CEER Report on University Admissions

7 November 2015

The Green Paper proposes to double the entry rate of students from disadvantaged backgrounds, and raise the number of black and minority ethnic students by 20 per cent by 2020.

CEER’s latest publication, Social Disadvantage and Widening Access to Universities (report here) shows that the Government’s goals go against the grain of the evidence on student performance.

The Government’s figures on social disadvantage are those for areas where few go to university. Doubling the percentage from these areas comes up against the fact that, currently, those admitted are 11 percentage points less likely to gain a good degree.

Minority ethnic pupils are both more likely to be admitted to university and do less well there. Of those gaining A-levels, 64% Asian, 61% Black, and 45% White entered university the following year. But 76% of the White graduates gained good degrees compared with 63% Asian and 49% Black.

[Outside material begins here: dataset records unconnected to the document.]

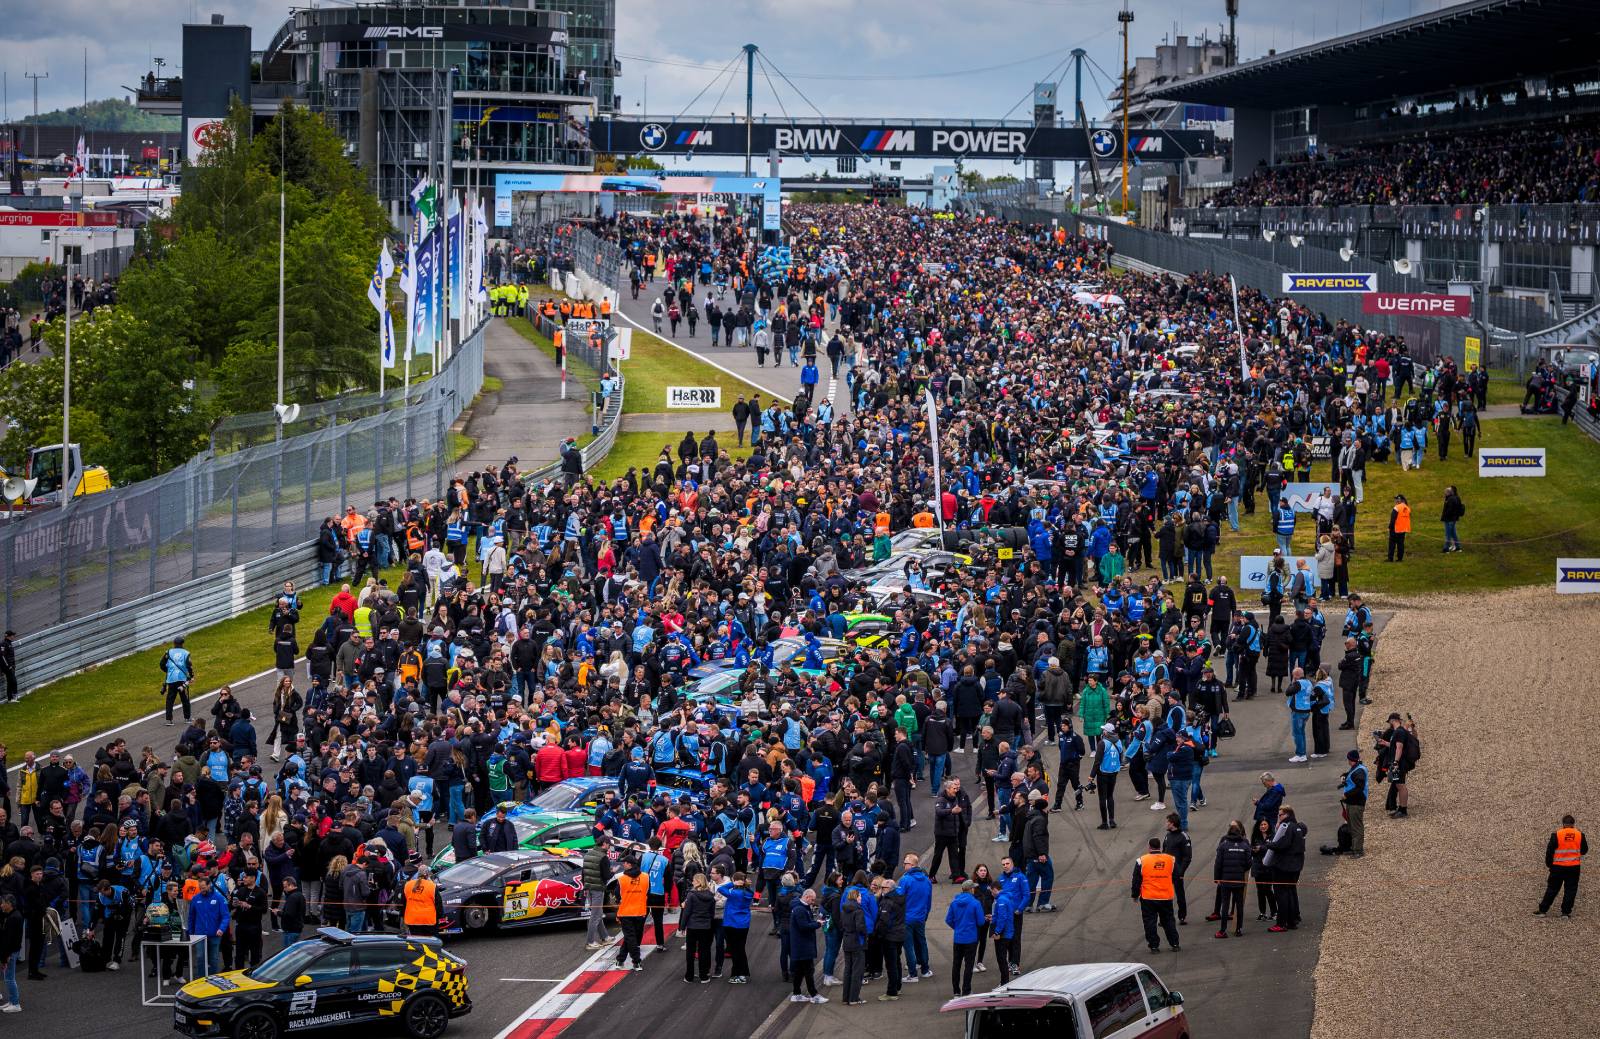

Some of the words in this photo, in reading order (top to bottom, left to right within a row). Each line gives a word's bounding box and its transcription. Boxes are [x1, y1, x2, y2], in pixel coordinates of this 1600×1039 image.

[383, 27, 443, 38] AMG
[689, 131, 712, 145] M
[775, 128, 841, 150] BMW
[881, 130, 915, 151] M
[932, 131, 1026, 153] POWER
[1140, 137, 1162, 152] M
[701, 193, 720, 203] H&R
[1296, 278, 1363, 288] RAVENOL
[1377, 297, 1456, 312] WEMPE
[673, 389, 699, 401] H&R
[15, 512, 94, 563] nürburring
[1567, 571, 1600, 580] RAVE
[357, 991, 402, 1001] LöhrGruppe
[289, 1018, 305, 1029] RACE
[305, 1011, 347, 1026] MANAGEMENT
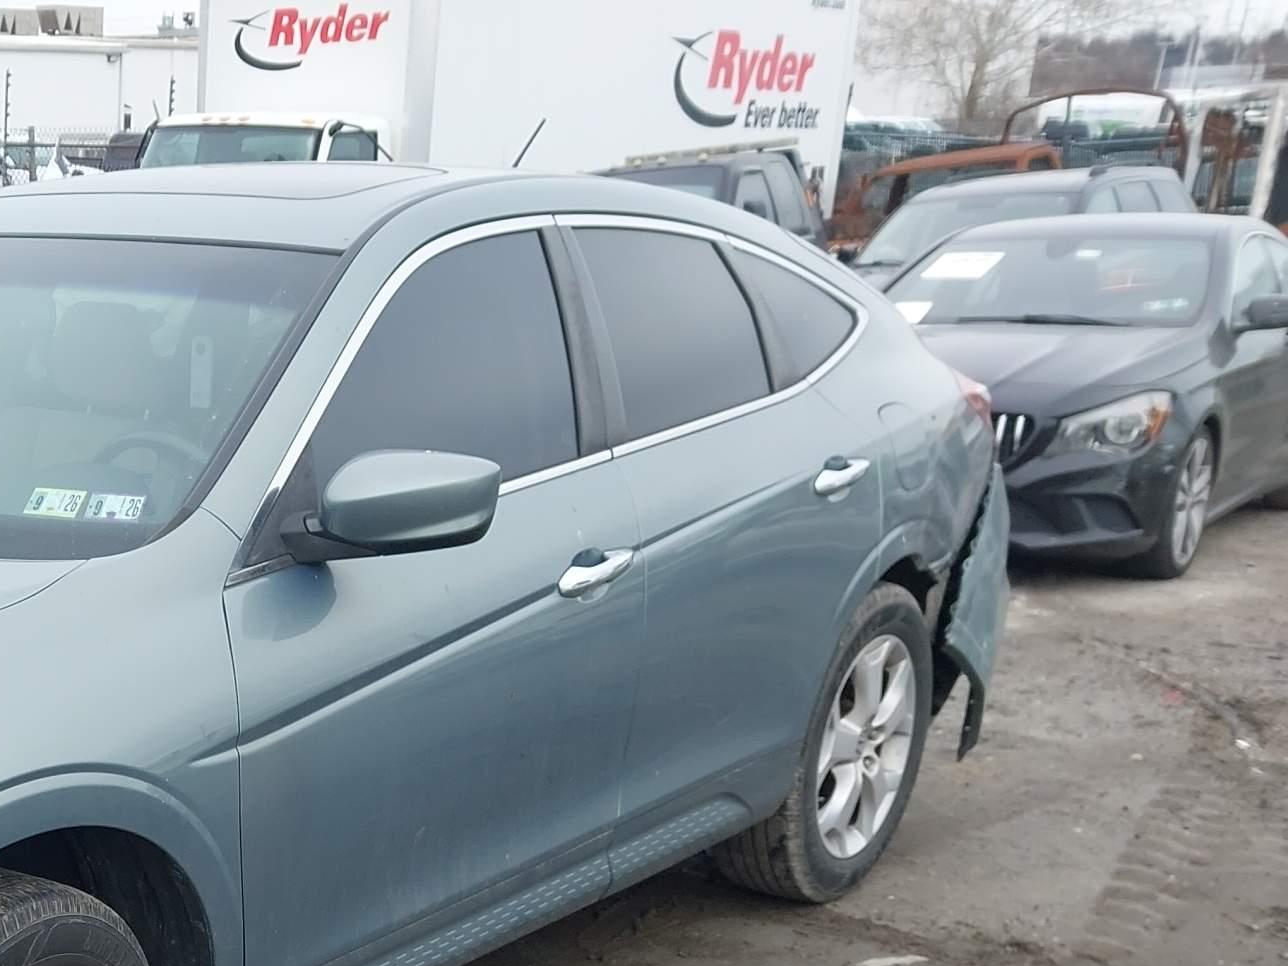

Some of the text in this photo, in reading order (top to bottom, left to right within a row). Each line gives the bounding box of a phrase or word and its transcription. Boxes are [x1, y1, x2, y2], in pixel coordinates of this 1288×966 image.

[268, 3, 391, 55] Ryder
[708, 29, 816, 104] Ryder
[743, 99, 776, 128] Ever
[32, 494, 81, 513] 9 26
[93, 498, 142, 517] 9 26
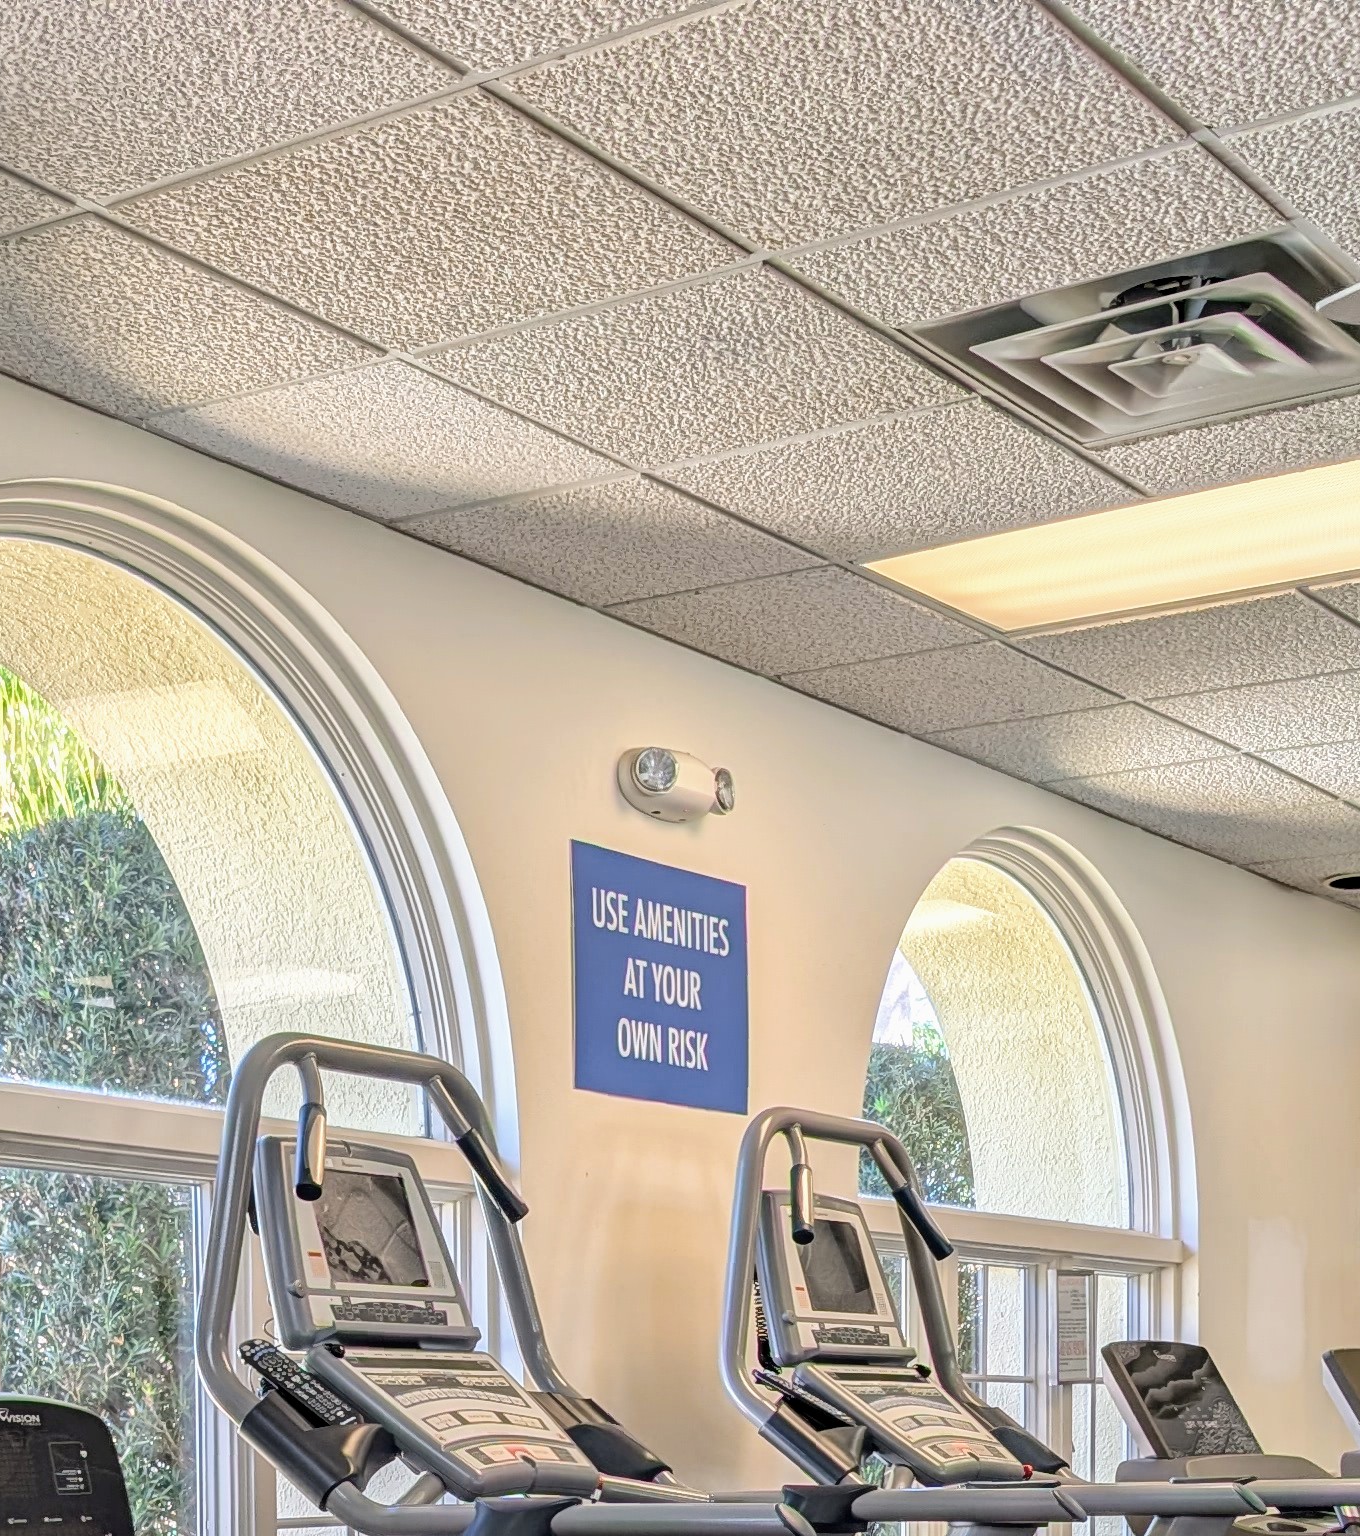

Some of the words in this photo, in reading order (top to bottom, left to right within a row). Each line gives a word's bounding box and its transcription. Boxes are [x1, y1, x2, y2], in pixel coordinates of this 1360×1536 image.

[592, 887, 629, 934] USE
[634, 898, 730, 957] AMENITIES
[623, 957, 648, 999] AT
[651, 962, 702, 1011] YOUR
[617, 1017, 662, 1063] OWN
[668, 1026, 709, 1071] RISK
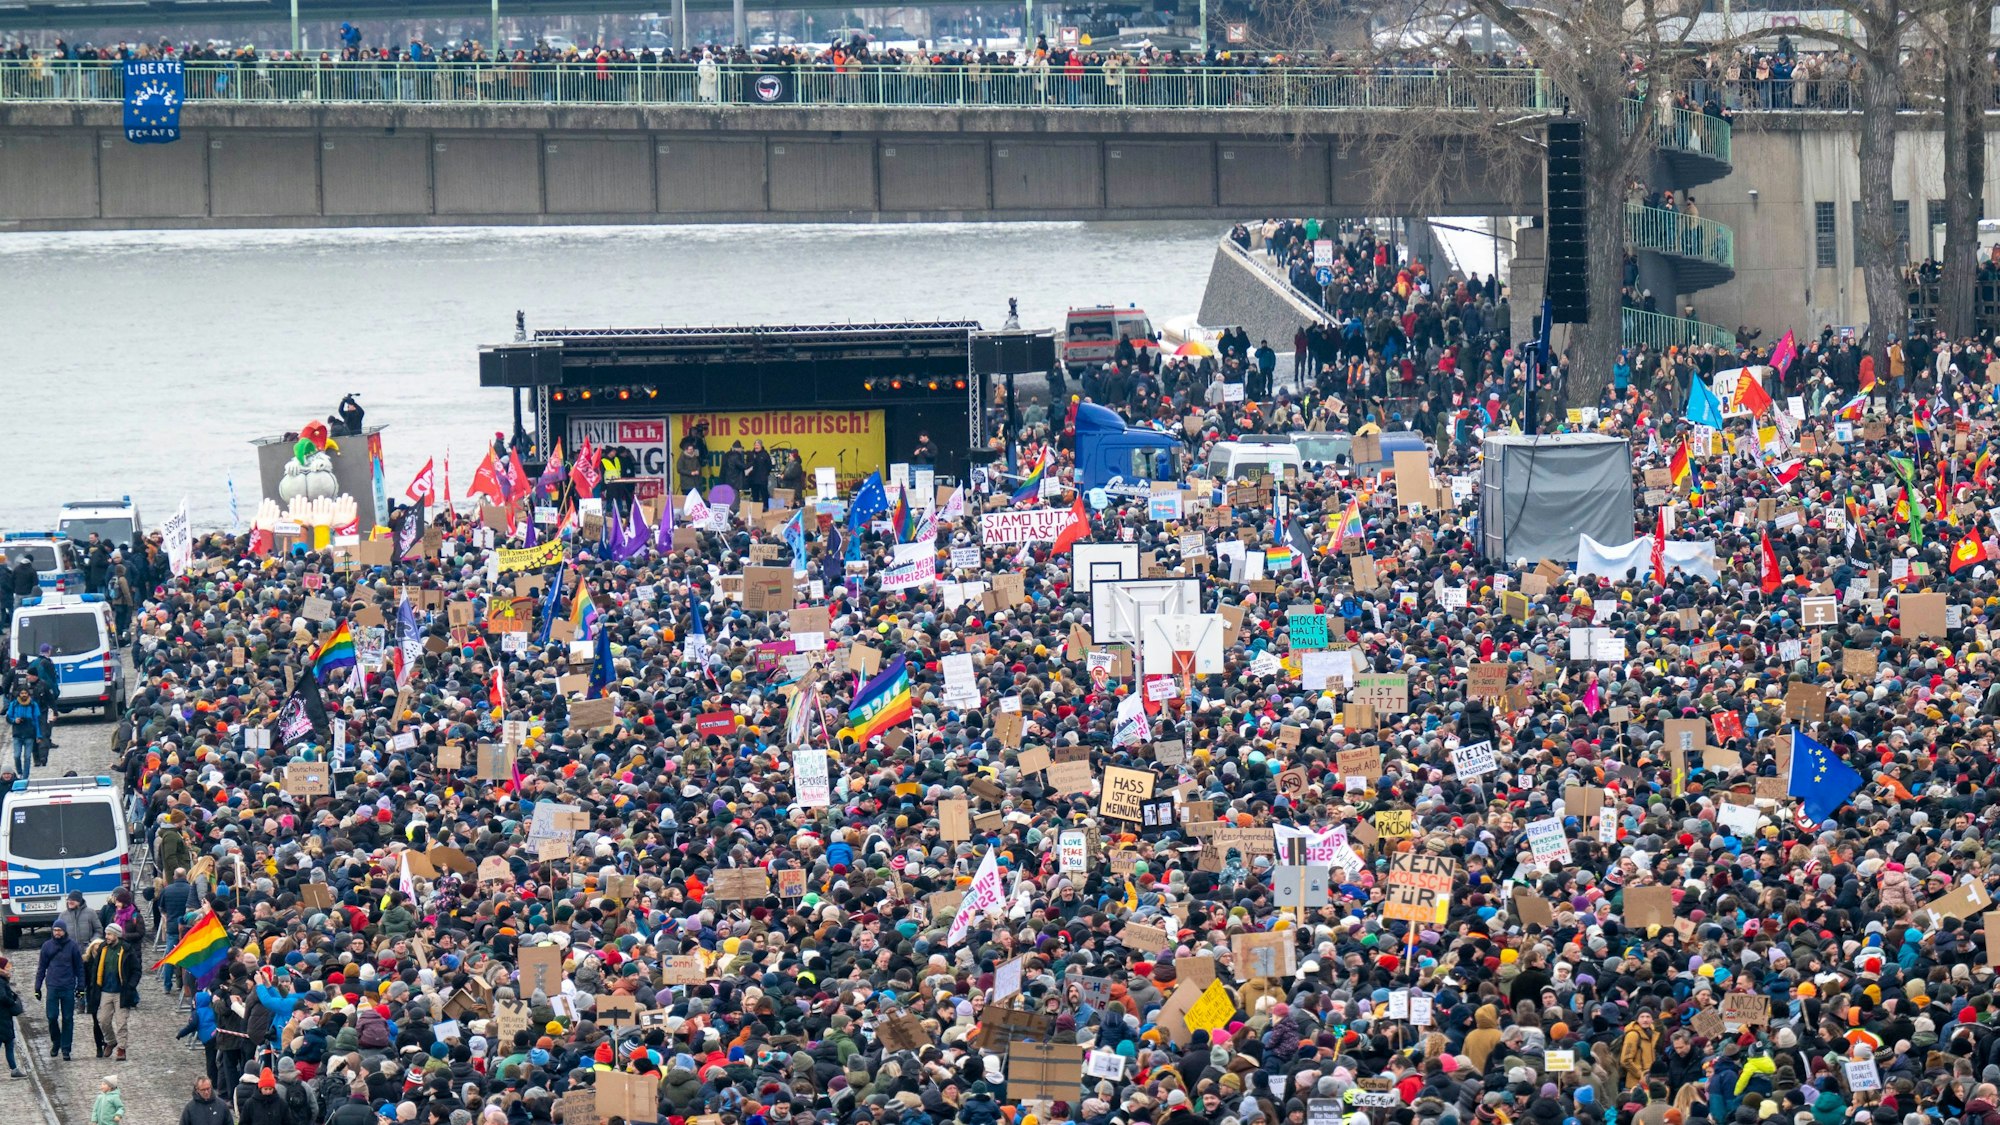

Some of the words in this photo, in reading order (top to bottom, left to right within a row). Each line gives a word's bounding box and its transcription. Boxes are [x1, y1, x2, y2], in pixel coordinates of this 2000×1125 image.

There are already official benchmarks for admissions from under-represented groups. The higher education institutions that are furthest adrift from them are the specialist music colleges. This is because they necessarily recruit on talent.

Professor Smithers said: “Universities face a difficult dilemma. If they stick to offering places on merit the Government’s targets are unlikely to be met, but if they comply then they will struggle to keep up their degree standards.

The targets are both misguided and unnecessary. Misguided because they pressurize universities into recruiting on social grounds rather than talent. Unnecessary because now the cap on university places is off, the percentages lose their meaning.”